>>>>>
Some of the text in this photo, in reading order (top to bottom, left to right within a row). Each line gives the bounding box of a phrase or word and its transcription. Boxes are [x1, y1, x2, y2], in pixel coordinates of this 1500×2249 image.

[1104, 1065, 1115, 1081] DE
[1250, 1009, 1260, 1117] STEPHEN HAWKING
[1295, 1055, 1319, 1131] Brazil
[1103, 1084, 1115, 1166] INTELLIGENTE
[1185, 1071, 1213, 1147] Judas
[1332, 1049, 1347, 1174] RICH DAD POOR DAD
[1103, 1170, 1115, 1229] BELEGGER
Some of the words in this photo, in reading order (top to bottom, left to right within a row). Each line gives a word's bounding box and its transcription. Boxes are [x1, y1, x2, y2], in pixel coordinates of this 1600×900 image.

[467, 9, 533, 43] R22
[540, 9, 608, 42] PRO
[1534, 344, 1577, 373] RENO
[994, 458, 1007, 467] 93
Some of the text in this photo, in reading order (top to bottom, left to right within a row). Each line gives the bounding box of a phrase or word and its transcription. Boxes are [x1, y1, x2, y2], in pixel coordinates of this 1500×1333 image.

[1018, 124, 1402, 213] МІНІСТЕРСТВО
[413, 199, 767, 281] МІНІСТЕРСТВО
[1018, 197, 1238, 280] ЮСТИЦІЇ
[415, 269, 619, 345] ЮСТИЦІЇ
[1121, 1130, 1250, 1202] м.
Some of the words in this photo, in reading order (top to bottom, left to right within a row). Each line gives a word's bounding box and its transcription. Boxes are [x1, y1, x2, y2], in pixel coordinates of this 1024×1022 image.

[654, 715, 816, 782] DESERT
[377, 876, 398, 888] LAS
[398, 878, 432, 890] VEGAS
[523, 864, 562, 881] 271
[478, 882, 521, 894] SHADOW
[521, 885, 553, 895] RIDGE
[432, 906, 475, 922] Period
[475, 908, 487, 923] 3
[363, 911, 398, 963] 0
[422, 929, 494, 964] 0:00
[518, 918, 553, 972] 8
<<<<<
> [ABOUT THIS TASK]:
Everything from the line that has "this 1024×1022 image." to the final line above should be retyped exactly, and nothing else.

> [ANSWER TO THIS PROBLEM]:
Some of the words in this photo, in reading order (top to bottom, left to right within a row). Each line gives a word's bounding box and its transcription. Boxes are [x1, y1, x2, y2], in pixel coordinates of this 1024×1022 image.

[654, 715, 816, 782] DESERT
[377, 876, 398, 888] LAS
[398, 878, 432, 890] VEGAS
[523, 864, 562, 881] 271
[478, 882, 521, 894] SHADOW
[521, 885, 553, 895] RIDGE
[432, 906, 475, 922] Period
[475, 908, 487, 923] 3
[363, 911, 398, 963] 0
[422, 929, 494, 964] 0:00
[518, 918, 553, 972] 8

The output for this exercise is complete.